- Required work: Write the listing out again word for word, excluding any pictures.

- Information:
== Segment start ==
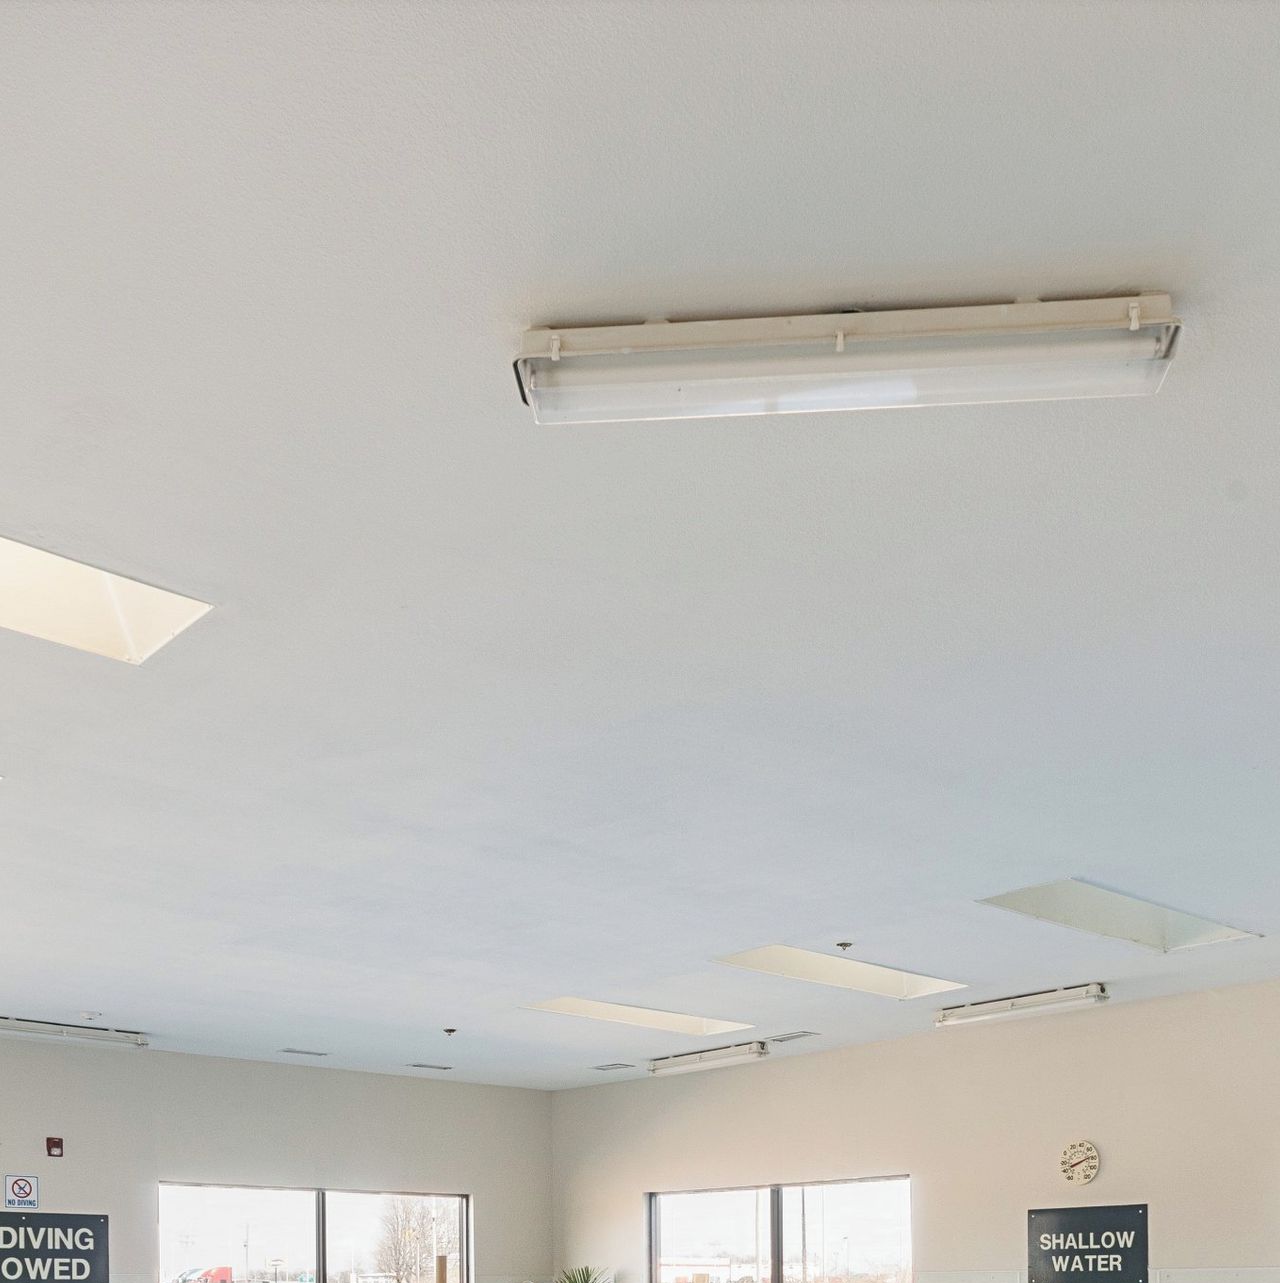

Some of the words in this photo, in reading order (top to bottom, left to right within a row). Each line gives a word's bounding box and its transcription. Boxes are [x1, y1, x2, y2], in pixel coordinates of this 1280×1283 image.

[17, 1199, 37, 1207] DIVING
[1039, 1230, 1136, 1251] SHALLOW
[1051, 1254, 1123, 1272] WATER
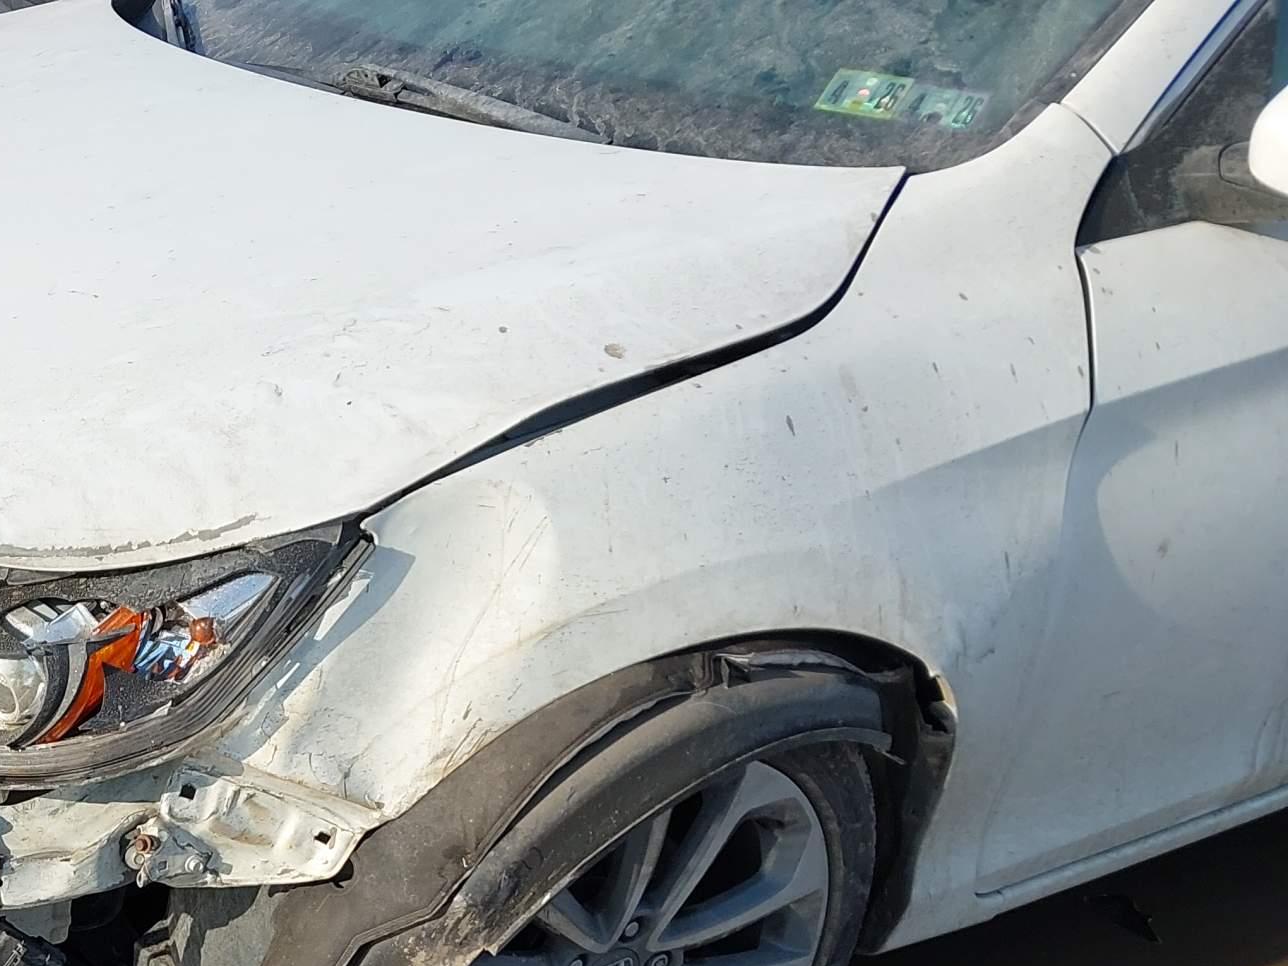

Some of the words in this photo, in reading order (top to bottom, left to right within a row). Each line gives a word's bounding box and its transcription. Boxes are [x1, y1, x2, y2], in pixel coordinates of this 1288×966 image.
== Segment end ==
- Task solution:
Some of the words in this photo, in reading order (top to bottom, left to right within a row). Each line gives a word's bounding box and its transcription. Boxes are [x1, y1, x2, y2], in pixel coordinates of this 1280×1283 image.

[17, 1199, 37, 1207] DIVING
[1039, 1230, 1136, 1251] SHALLOW
[1051, 1254, 1123, 1272] WATER

Some of the words in this photo, in reading order (top to bottom, left to right within a row). Each line gives a word's bounding box and its transcription. Boxes are [x1, y1, x2, y2], in pixel coordinates of this 1288×966 image.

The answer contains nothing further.